In 2013, Hussain was criticised for giving away abandoned infants as prizes during his game show Amaan Ramazan, which critics argued was an attempt to boost the show's ratings. Childless couples were chosen as contestants, and background checks were carried out by the Chhipa Welfare Association. Child welfare advocates expressed concern that other shows would imitate the initiative and that the children and their families could face stigma because of the publicity surrounding the adoptions. Hussain denied that the initiative was intended to increase ratings, calling it a "noble cause".

In 2014, Hussain was criticised after agreeing with a guest cleric on his show who described Ahmadi Muslims as the "enemy of Pakistan", the second time the religious group had been denounced on one of his programmes. Geo TV later apologized for the incident, stating that the remarks violated the network's code of conduct. Five days after the broadcast, an Ahmadi man was shot and killed in Gujranwala.

In June 2016, the Pakistan Electronic Media Regulatory Authority (PEMRA) suspended Hussain from hosting his Ramadan programme for three days after an episode of the show depicting the suicide of a young girl led to hundreds of complaints from viewers.

In January 2017, social activist and lawyer Mohammad Jibran Nasir filed a complaint with PEMRA, alleging that Hussain had conducted a "malicious, defamatory and life endangering campaign" against him. PEMRA subsequently banned Hussain from appearing on the BOL News network in any capacity, citing hundreds of complaints about his hateful remarks. Later that month, Hussain alleged that actor Om Puri had been murdered by Prime Minister Narendra Modi and National Security Advisor Ajit Doval.

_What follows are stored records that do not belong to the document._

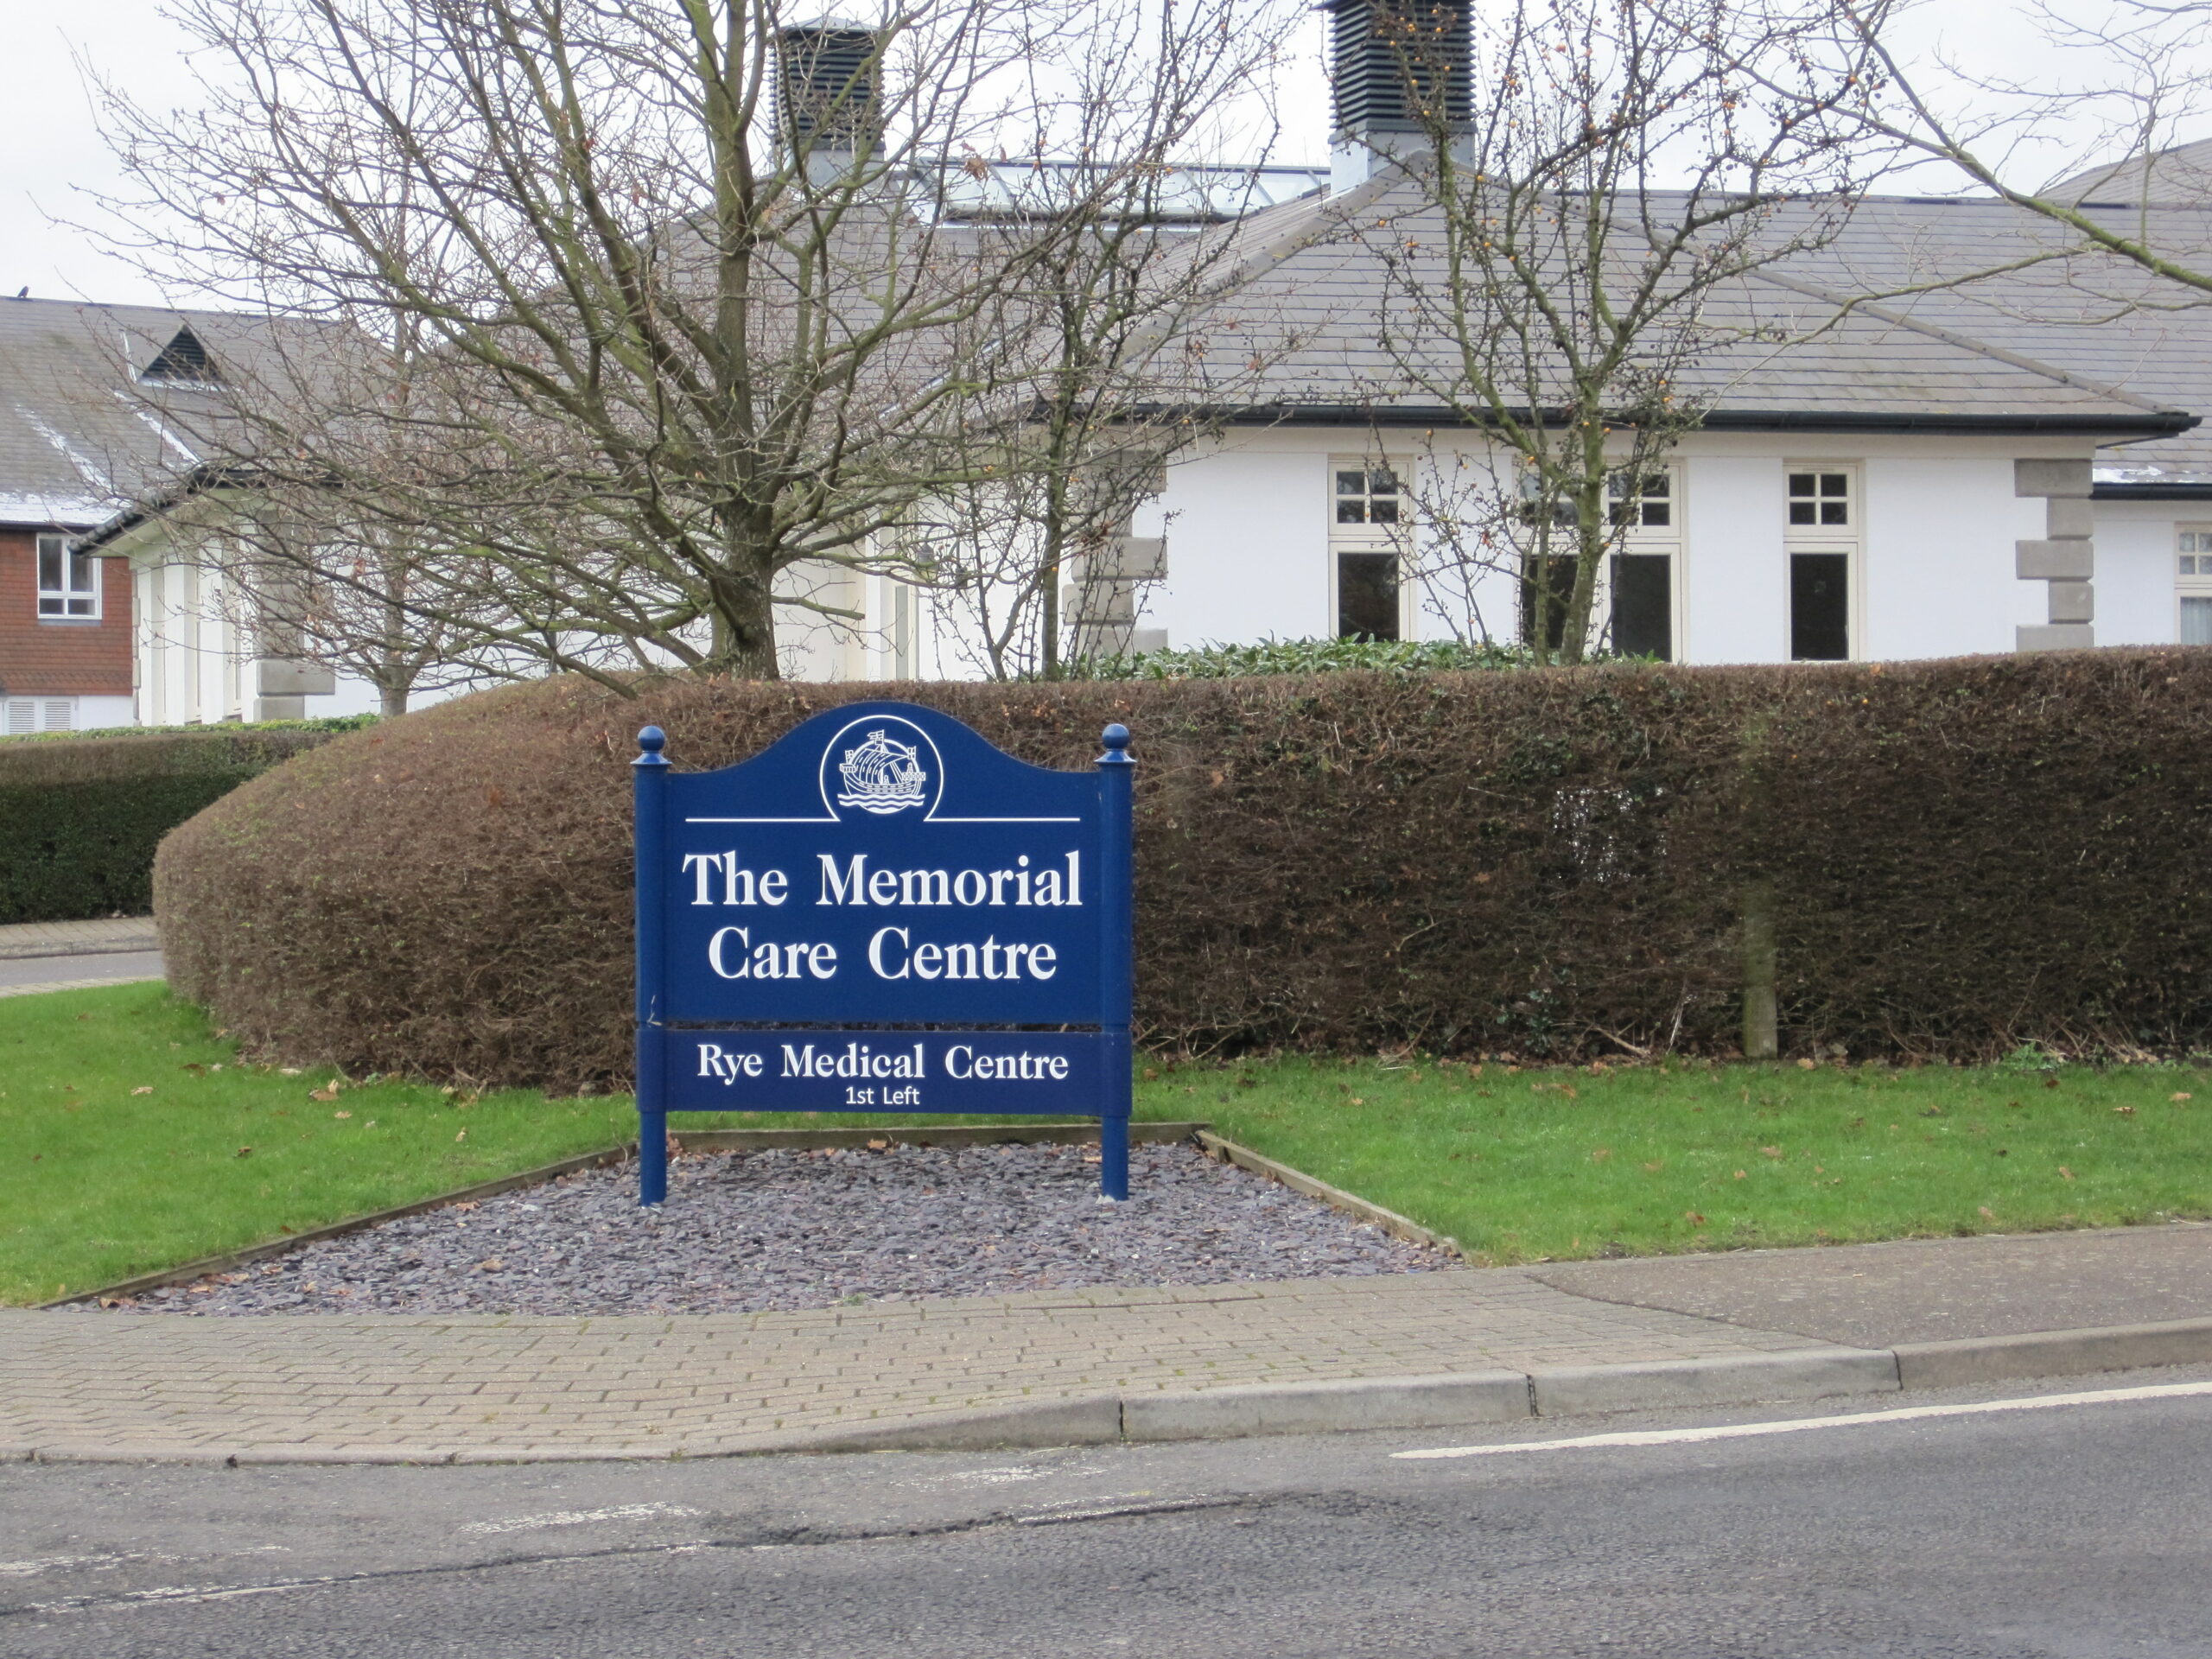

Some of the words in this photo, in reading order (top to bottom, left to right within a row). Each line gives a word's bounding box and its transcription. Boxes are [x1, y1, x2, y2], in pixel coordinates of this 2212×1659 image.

[681, 850, 789, 906] The
[815, 849, 1084, 906] Memorial
[708, 926, 837, 980] Care
[868, 926, 1057, 981] Centre
[696, 1044, 763, 1086] Rye
[780, 1041, 925, 1079] Medical
[944, 1045, 1069, 1080] Centre
[845, 1086, 874, 1105] 1st
[883, 1086, 920, 1105] Left

In March 2017, Amnesty International criticised Pakistan's government for failing to act against Hussain over remarks that allegedly endangered lives of journalists, and bloggers, and social activists, and called on Interior Minister Chaudhary Nisar Ali Khan to take action. The same month, PEMRA directed Hussain to issue an on-air apology for previous hate speech.

On 12 December 2017, it was announced that Hussain would return to television on 24 News HD. The following day, however, PEMRA banned him from appearing in all broadcast media over allegations of hate speech. The ban was lifted by the Supreme Court on 7 February 2018. On 26 May 2018, Hussain received a 30-day ban from PEMRA for inciting "unwarranted drama on the basis of religion."

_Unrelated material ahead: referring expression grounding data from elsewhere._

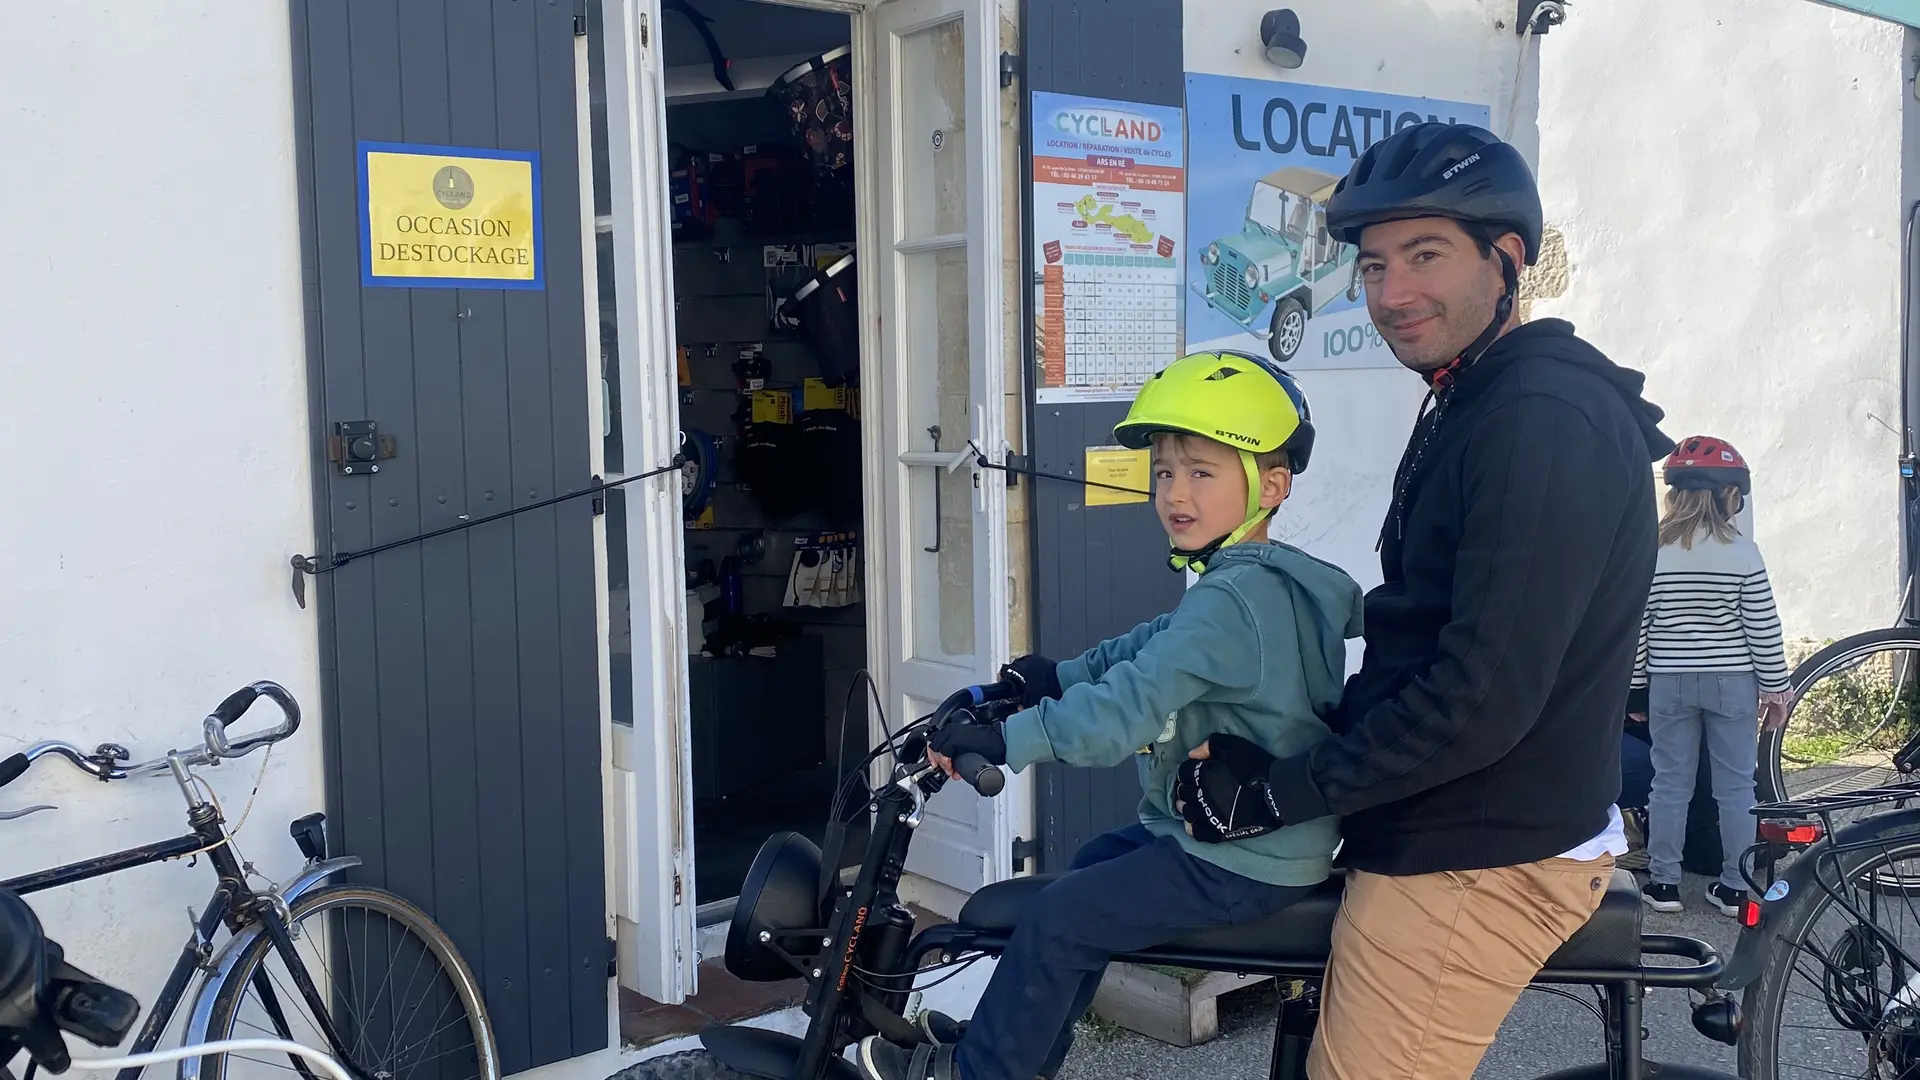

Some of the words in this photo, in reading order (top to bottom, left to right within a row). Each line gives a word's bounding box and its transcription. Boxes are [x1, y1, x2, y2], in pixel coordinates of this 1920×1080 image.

[1056, 112, 1161, 142] CYCLAND
[1047, 140, 1078, 149] LOCATION
[1083, 142, 1120, 152] RÉPARATION
[1124, 147, 1142, 155] VENTE
[1151, 150, 1172, 158] CYCLES
[1096, 157, 1109, 166] ARS
[1117, 158, 1126, 167] RÉ
[396, 215, 511, 237] OCCASION
[379, 242, 529, 265] DESTOCKAGE
[1197, 788, 1229, 834] SHOCK
[844, 906, 867, 963] CYCLAND

In May 2020, Hussain apologised for insensitive comments about the deaths of actress Sridevi and actor Irrfan Khan.

==Personal life==
Hussain was married three times. He had two children with his first wife, Bushra Aamir. In June 2018, he married Tuba Anwar; the marriage lasted about three years. In February 2022, he married 18-year-old Dania Shah. In May 2022, Shah filed for divorce after three months of marriage. In December 2022, Shah was arrested by the FIA for leaking his private data on social media.

===Death===
Hussain died on 9 June 2022 in Karachi. According to a household servant, Hussain was heard screaming in pain from his locked room. After receiving no response, the servant forced the door open and found him unconscious. Hussain was taken to Agha Khan Hospital, where he was pronounced dead on arrival.

Police initially suspected that he had died from suffocation caused by smoke from a household generator, although the official cause of death was not confirmed. His funeral prayer was held on 10 June 2022 and was led by his son Ahmed Aamir. He was buried at Abdullah Shah Ghazi graveyard.

Hussain's family refused to consent to an autopsy. On 18 June 2022, a local court ordered Hussain's exhumation for a post-mortem examination following a petition filed by a private citizen. On 16 August 2022, the same court annulled the order, and no autopsy was performed.

==Publications==
Hussain's publications include:
- Merī āvāz sāre zamāne kī ṣadā hai, ,1989, 64 p. Patriotic poetry.
- Islam and terrorism : an historical and theological enquiry, ، 2002, 142 p.
- Hamārī mān̲ K̲h̲adīja tul Kubrá, ، 2009, 900 p. On the life and eminence of Khadījah, d. ca. 619, first wife of Muhammad, d. 632.
- Lāʼūḍ ispīkar, ، 2009, 2 volumes. Collection of articles on social and political conditions of Pakistan; published from 2005 to 2008 in Daily Jang, Rawalpindi, Pakistan.
- Ās̲ār-i qiyāmat, ، 2010, 2 volumes. On the Judgment Day in Islam.